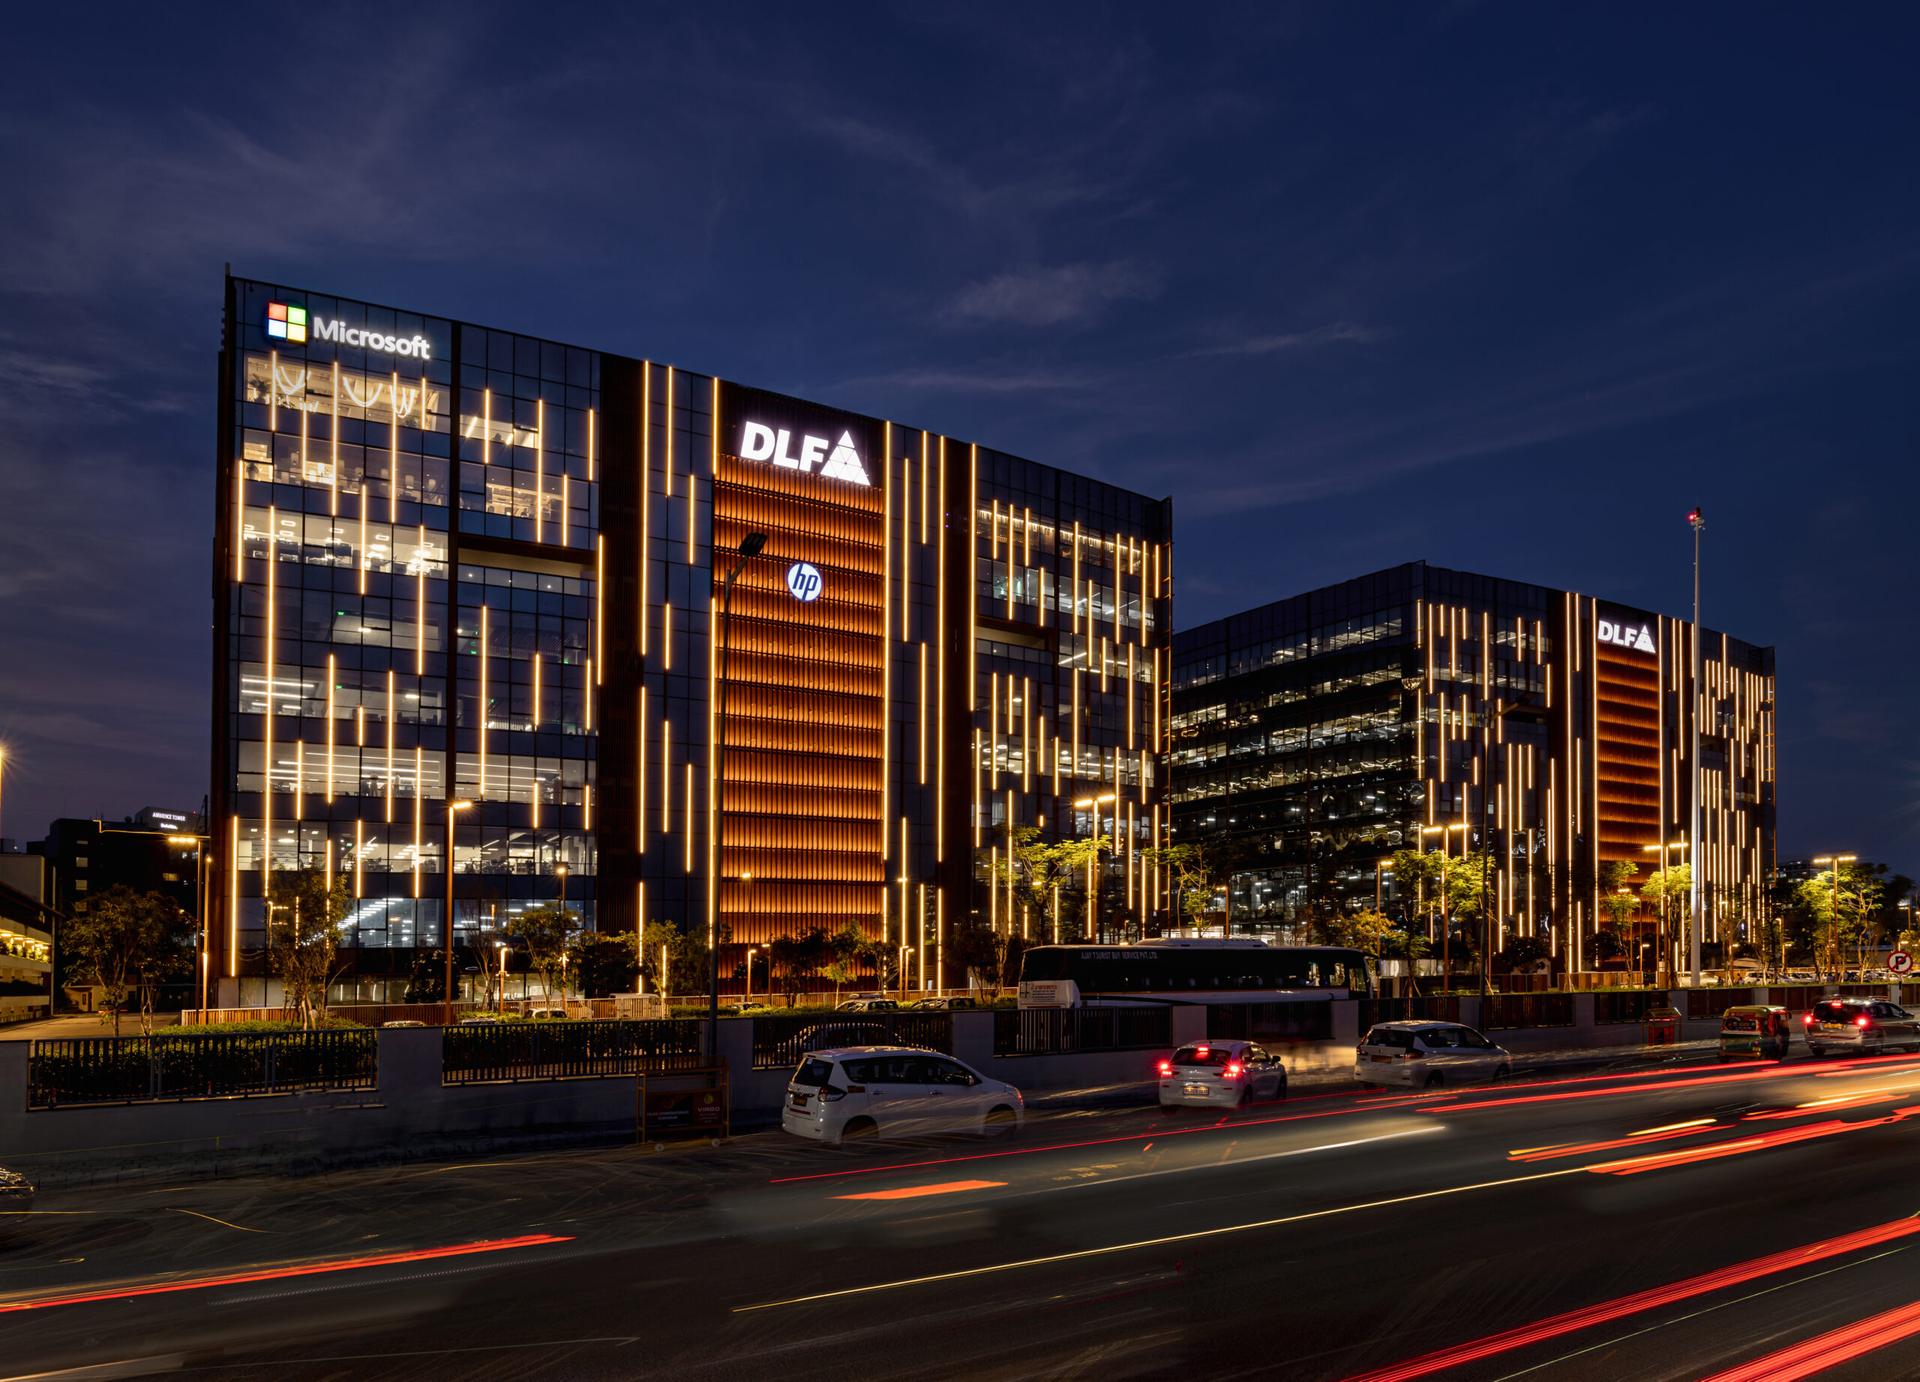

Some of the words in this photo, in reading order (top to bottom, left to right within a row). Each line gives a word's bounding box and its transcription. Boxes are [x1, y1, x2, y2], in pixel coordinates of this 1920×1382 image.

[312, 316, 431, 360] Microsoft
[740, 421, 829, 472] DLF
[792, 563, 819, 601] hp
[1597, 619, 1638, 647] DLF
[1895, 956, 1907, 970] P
++++++
Problem description: Strip out the pictures and quote the remaining data word for word.

Output below:
Some of the words in this photo, in reading order (top to bottom, left to right within a row). Each line gives a word's bounding box and its transcription. Boxes are [x1, y1, x2, y2], in pixel coordinates of this 1920×1382 image.

[312, 316, 431, 360] Microsoft
[740, 421, 829, 472] DLF
[792, 563, 819, 601] hp
[1597, 619, 1638, 647] DLF
[1895, 956, 1907, 970] P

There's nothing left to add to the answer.